Recently, the incidence of VTE is reported to be less than 1 percent to 2 percent. With such a low incidence and the standardization of multimodal prophylaxis practices, it became difficult to distinguish differences in efficacy of different chemoprophylactic modalities.

Chemoprophylactic modalities abound, so is aspirin appropriate?

There is a wide and expanding array of VTE chemoprophylactic agents for patients undergoing TJA. Potent agents, such as low-molecular-weight heparin (LMWH), warfarin or the newer anticoagulation agents have been the accepted practice. Many well-known challenges associated with these agents, such as the risk of bleeding and wound-related infections and difficulties with administration, titration and monitoring, were brought into scrutiny in the search for an ideal chemoprophylaxis.

Aspirin has long been established as an effective drug for preventing arterial thromboembolic events in cardiovascular and cerebrovascular diseases (low-dose 81mg).
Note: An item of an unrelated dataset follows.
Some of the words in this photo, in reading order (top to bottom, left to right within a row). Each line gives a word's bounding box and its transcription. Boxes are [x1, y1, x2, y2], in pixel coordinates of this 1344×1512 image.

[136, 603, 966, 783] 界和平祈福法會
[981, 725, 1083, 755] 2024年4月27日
The role of aspirin as an effective modality for the prevention of VTE following TJA has been described in the medical literature for many decades. Aspirin is well tolerated, inexpensive and easy to administer with no need for routine blood monitoring.

Determining optimal dose

With the endorsement of aspirin in many published guidelines (American Academy of Orthopaedic Surgeons 2009, 2011 and American College of Clinical Pharmacy 2012) and the additional emerging evidence demonstrating its efficacy, aspirin gained popularity in the orthopaedic community as an effective VTE prophylactic agent following TJA.

The only remaining question was about the optimal dose, and we endeavored to answer this question. If a regimen of 325 mg twice a day was efficacious (the current recommended regimen), would a smaller dose (81 mg twice a day) be equivalently efficacious given its pharmacodynamics and also have less risk of complications?
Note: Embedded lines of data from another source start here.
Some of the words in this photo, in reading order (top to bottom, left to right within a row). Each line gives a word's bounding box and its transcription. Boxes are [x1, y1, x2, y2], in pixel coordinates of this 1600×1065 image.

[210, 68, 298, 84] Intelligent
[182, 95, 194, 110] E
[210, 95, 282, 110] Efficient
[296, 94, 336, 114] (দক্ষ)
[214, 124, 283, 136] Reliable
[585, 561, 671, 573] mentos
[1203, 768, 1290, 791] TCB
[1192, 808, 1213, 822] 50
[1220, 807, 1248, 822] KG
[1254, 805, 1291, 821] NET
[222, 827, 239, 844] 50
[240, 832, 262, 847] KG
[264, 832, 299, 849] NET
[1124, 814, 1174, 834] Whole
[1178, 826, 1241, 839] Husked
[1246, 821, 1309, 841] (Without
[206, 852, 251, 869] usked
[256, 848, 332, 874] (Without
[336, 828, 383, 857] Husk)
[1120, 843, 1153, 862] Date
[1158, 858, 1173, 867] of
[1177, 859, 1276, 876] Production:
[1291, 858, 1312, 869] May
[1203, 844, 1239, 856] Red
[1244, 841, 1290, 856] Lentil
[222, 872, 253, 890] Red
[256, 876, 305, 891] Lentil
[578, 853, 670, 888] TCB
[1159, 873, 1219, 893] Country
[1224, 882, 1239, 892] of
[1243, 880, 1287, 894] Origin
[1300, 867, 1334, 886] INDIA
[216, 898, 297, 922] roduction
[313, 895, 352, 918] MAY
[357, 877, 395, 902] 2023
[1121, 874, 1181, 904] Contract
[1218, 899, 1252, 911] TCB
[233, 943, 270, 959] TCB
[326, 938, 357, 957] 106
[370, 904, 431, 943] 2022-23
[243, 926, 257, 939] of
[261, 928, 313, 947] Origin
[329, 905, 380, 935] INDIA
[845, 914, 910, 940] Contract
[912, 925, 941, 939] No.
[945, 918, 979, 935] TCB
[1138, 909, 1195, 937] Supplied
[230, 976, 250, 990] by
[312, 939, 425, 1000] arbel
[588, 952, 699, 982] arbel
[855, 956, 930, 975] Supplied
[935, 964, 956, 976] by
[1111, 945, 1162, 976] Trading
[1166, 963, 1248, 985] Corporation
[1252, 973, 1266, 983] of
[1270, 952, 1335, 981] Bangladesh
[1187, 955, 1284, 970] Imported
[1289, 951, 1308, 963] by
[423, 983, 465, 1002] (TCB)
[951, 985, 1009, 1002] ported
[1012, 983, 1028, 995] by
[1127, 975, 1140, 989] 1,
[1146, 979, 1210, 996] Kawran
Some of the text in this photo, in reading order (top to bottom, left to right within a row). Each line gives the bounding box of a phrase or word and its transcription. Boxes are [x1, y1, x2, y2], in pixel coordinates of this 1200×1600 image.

We retrospectively reviewed 16,000 medical records for primary TJA patients between 2012 and 2016. We identified 9,602 patients who received enteric-coated aspirin twice daily after surgery for four to six weeks depending on surgeons’ preference. A total of 2,360 patients received 81 mg (low-dose group) and 7,242 patients received 325 mg aspirin (high-dose group). Complications collected within 90 days after surgery were VTEs (DVT and PE), bleeding (gastrointestinal and wound bleeding) and mortality.

THA results

For patients who underwent total hip arthroplasty (THA), no statistical significant difference was observed between the aspirin groups in terms of VTE, DVT, PE, bleeding risk or mortality (Figures 1, 2). After adjusting for confounders, low-dose versus high-dose aspirin was not associated with increased risk for VTE, DVT, PE, bleeding or mortality after THA.

Figure 1: Incidence of venous thromboembolism (VTE), deep venous thrombosis (DVT) and pulmonary embolism (PE) within 90 days after total hip arthroplasty (THA).
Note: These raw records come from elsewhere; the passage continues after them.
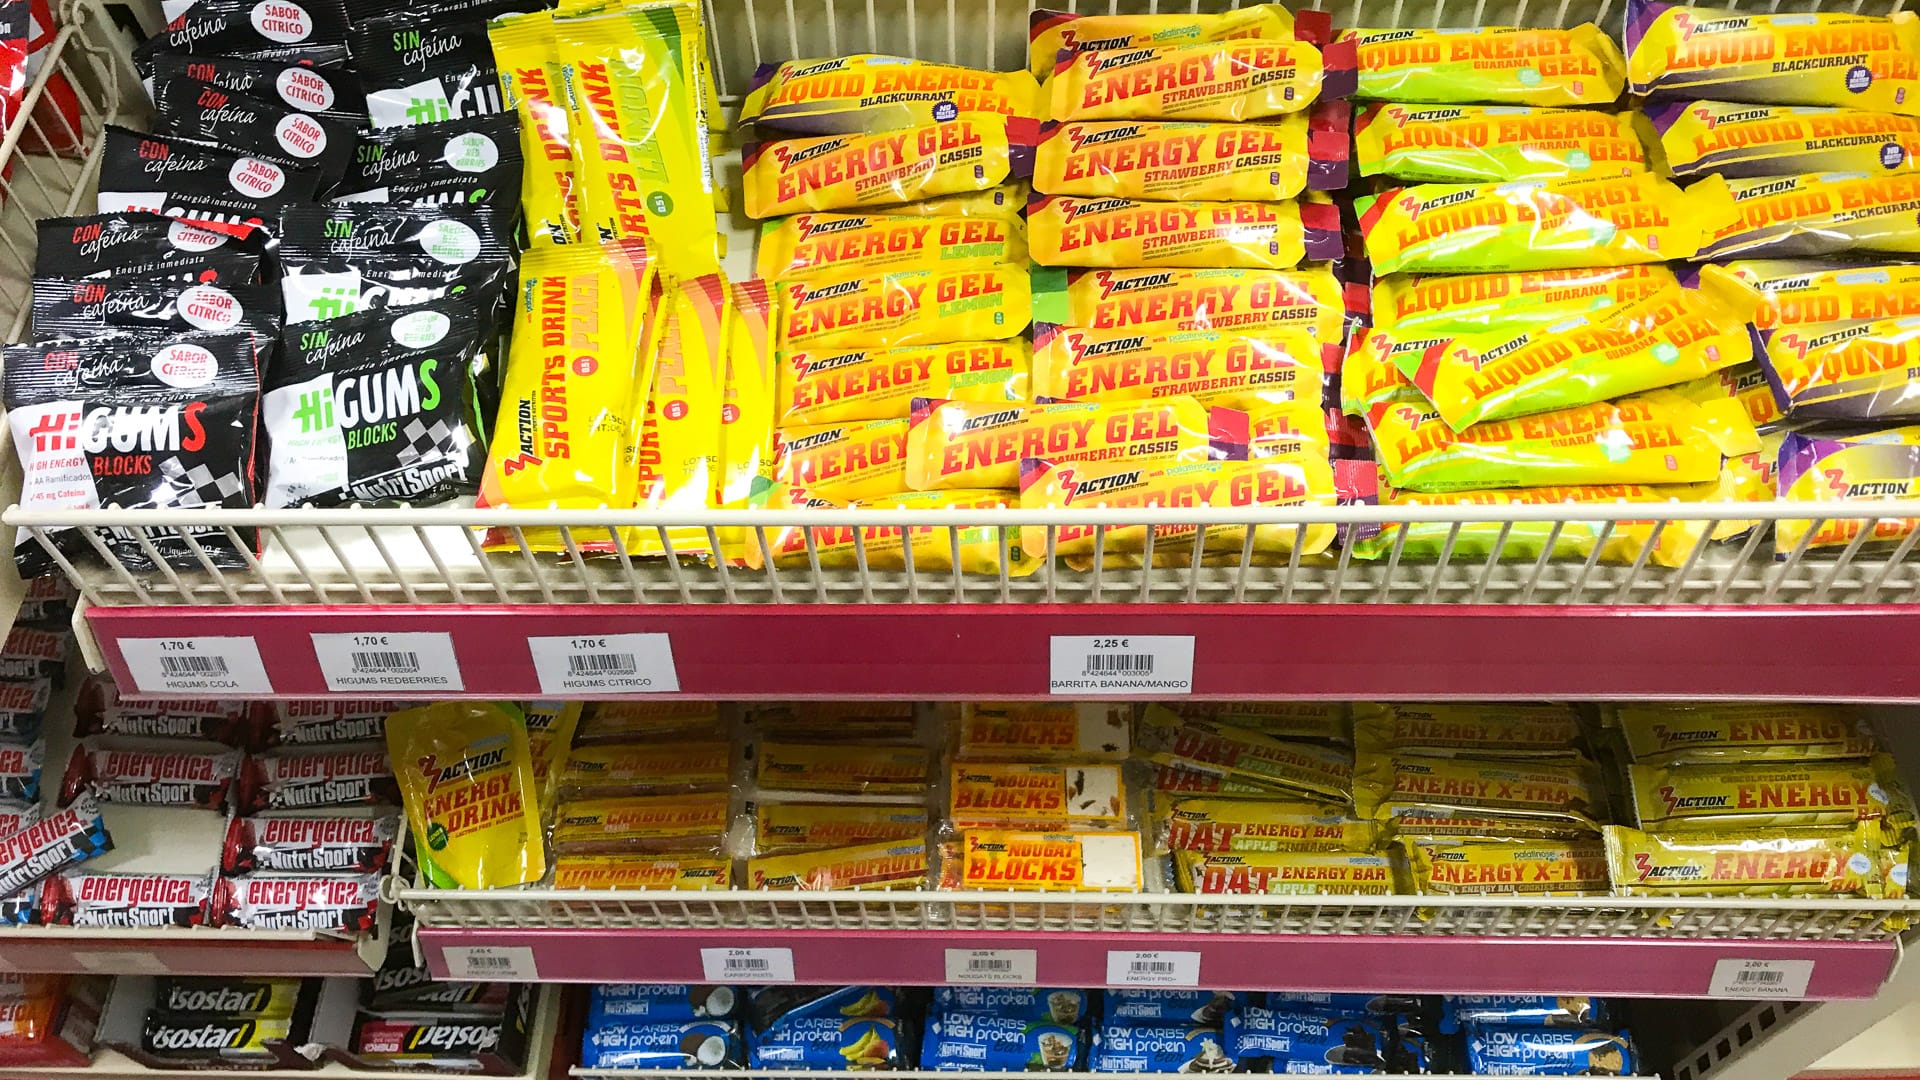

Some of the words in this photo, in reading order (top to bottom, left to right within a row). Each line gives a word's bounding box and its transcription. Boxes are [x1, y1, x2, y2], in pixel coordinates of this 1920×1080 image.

[265, 4, 300, 20] SABOR
[261, 18, 304, 35] CITRICO
[393, 30, 420, 52] SIN
[1449, 32, 1573, 63] ENERGY
[1473, 58, 1531, 71] GUARANA
[1665, 35, 1776, 72] LIQUID
[1771, 54, 1869, 74] BLACKCURRANT
[187, 63, 216, 82] CON
[1538, 55, 1598, 78] GEL
[291, 71, 324, 92] SABOR
[1081, 53, 1217, 110] ENERGY
[1229, 46, 1297, 76] GEL
[1161, 77, 1250, 106] STRAWBERRY
[1251, 68, 1296, 86] CASSIS
[197, 89, 229, 110] CON
[285, 84, 325, 106] CITRICO
[766, 79, 866, 106] LIQUID
[859, 90, 956, 109] BLACKCURRANT
[200, 103, 257, 133] cafeína
[291, 117, 321, 142] SABOR
[1383, 121, 1489, 156] LIQUID
[1498, 116, 1621, 143] ENERGY
[1694, 120, 1804, 157] LIQUID
[138, 139, 170, 161] CON
[282, 128, 315, 155] CITRICO
[1521, 138, 1581, 151] GUARANA
[1587, 140, 1646, 164] GEL
[1804, 133, 1898, 152] BLACKCURRANT
[356, 144, 384, 164] SIN
[776, 134, 915, 204] ENERGY
[916, 121, 981, 157] GEL
[1062, 132, 1207, 183] ENERGY
[1215, 129, 1283, 159] GEL
[144, 152, 209, 183] cafeína
[246, 159, 280, 182] SABOR
[854, 154, 938, 192] STRAWBERRY
[939, 145, 983, 165] CASSIS
[1143, 159, 1234, 184] STRAWBERRY
[1235, 153, 1282, 169] CASSIS
[235, 171, 273, 193] CITRICO
[1211, 202, 1278, 226] GEL
[1611, 205, 1669, 230] GEL
[72, 222, 103, 245] CON
[176, 231, 218, 246] CITRICO
[324, 218, 353, 239] SIN
[1142, 227, 1232, 251] STRAWBERRY
[1396, 205, 1509, 251] LIQUID
[80, 225, 144, 263] cafeína
[790, 223, 931, 271] ENERGY
[938, 219, 1005, 247] GEL
[940, 242, 1005, 261] LEMON
[74, 283, 106, 304] CON
[1249, 279, 1319, 310] GEL
[1396, 275, 1510, 320] LIQUID
[1544, 285, 1609, 304] GUARANA
[541, 274, 567, 349] DRINK
[787, 282, 928, 339] ENERGY
[935, 272, 1004, 304] GEL
[938, 292, 1004, 319] LEMON
[1271, 307, 1318, 322] CASSIS
[300, 329, 329, 351] SIN
[305, 331, 366, 370] cafeína
[1604, 335, 1659, 361] GUARANA
[791, 354, 937, 411] ENERGY
[945, 346, 1014, 375] GEL
[949, 368, 1015, 390] LEMON
[1065, 348, 1218, 401] ENERGY
[1226, 342, 1297, 372] GEL
[1463, 343, 1574, 401] LIQUID
[1151, 374, 1247, 400] STRAWBERRY
[1248, 370, 1296, 386] CASSIS
[540, 353, 571, 460] SPORTS
[347, 420, 398, 451] BLOCKS
[1631, 422, 1684, 451] GEL
[1129, 440, 1179, 457] CASSIS
[92, 454, 153, 477] BLOCKS
[1229, 470, 1306, 507] GEL
[160, 640, 185, 652] 1,70
[187, 640, 196, 651] €
[353, 636, 380, 647] 1,70
[380, 636, 389, 646] €
[570, 639, 596, 650] 1,70
[598, 638, 607, 649] €
[1093, 639, 1119, 649] 2,25
[1121, 639, 1129, 649] €
[166, 680, 209, 689] HIGUMS
[209, 679, 240, 689] COLA
[336, 676, 379, 686] HIGUMS
[380, 675, 449, 686] REDBERRIES
[563, 679, 607, 689] HIGUMS
[607, 677, 652, 687] CITRICO
[1051, 680, 1098, 689] BARRITA
[1100, 680, 1189, 689] BANANA/MANGO
[993, 774, 1060, 789] NOUGAT
[1393, 775, 1490, 798] ENERGY
[1497, 783, 1571, 804] X-TRA
[423, 771, 514, 821] ENERGY
[953, 789, 1061, 810] BLOCKS
[1737, 782, 1869, 810] ENERGY
[447, 790, 523, 834] DRINK
[1244, 823, 1312, 839] ENERGY
[1313, 824, 1345, 839] BAR
[1007, 842, 1075, 859] NOUGAT
[1234, 838, 1278, 851] APPLE
[966, 859, 1077, 881] BLOCKS
[1281, 866, 1351, 882] ENERGY
[1352, 866, 1387, 881] BAR
[1431, 862, 1526, 884] ENERGY
[1710, 851, 1851, 882] ENERGY
[1272, 883, 1316, 895] APPLE
[1315, 883, 1389, 896] CINNAMON
[1461, 883, 1499, 893] ENERGY
[1499, 884, 1516, 893] BAR
[168, 984, 256, 1012] isostar
[986, 992, 1036, 1009] protein
[794, 1018, 844, 1029] CARBS
[943, 1012, 975, 1026] LOW
[976, 1016, 1027, 1031] CARBS
[1243, 1006, 1274, 1019] LOW
[152, 1024, 239, 1049] isostar
[792, 1029, 842, 1045] protein
[943, 1025, 974, 1039] HIGH
[975, 1027, 1026, 1044] protein
[1102, 1026, 1133, 1038] LOW
[1135, 1027, 1186, 1039] CARBS
[1243, 1017, 1275, 1031] HIGH
[1277, 1021, 1329, 1037] protein
[629, 1033, 678, 1048] protein
[1103, 1038, 1133, 1051] HIGH
[1135, 1039, 1186, 1056] protein
[1485, 1032, 1518, 1045] LOW
[1520, 1033, 1575, 1045] CARBS
[1485, 1044, 1521, 1058] HIGH
Figure 2: Incidence of bleeding (gastrointestinal and wound) and mortality within 90 days after total hip arthroplasty (THA).

TKA results

For patients who underwent total knee arthroplasty (TKA), there were no statistically significant differences between the groups in term of VTE, PE, bleeding or mortality after surgery (Figure 3, 4). However, the incidence of DVT was lower in the low-dose aspirin group compared to high-dose group (0.53 percent versus 1.41 percent, respectively. p=0.01). Interestingly, low-dose aspirin was associated with reduced risk of DVT compared to high-dose aspirin in the regression model after accounting for confounders (OR=0.38, 95 percent CI [0.17 – 0.84], p=0.006). In addition, low-dose versus high-dose aspirin was not associated with increased risk of VTEs (p=0.10), PE (p=0.17), bleeding (p=0.79) or mortality (p=0.78) within 90 days after TKA.

Figure 3: Incidence of venous thromboembolism (VTE), deep venous thrombosis (DVT) and pulmonary embolism (PE) within 90 days after total knee arthroplasty (TKA).

Figure 4: Incidence of bleeding (gastrointestinal and wound) and mortality within 90 days after total knee arthroplasty (TKA).

Physician takeaways from this study

Overall, there was no difference in VTE incidence following TKAs/THAs in low-dose versus high-dose aspirin groups. Both aspirin regimens showed similar results in terms of risk of bleeding (GI and wound) and mortality after TJA.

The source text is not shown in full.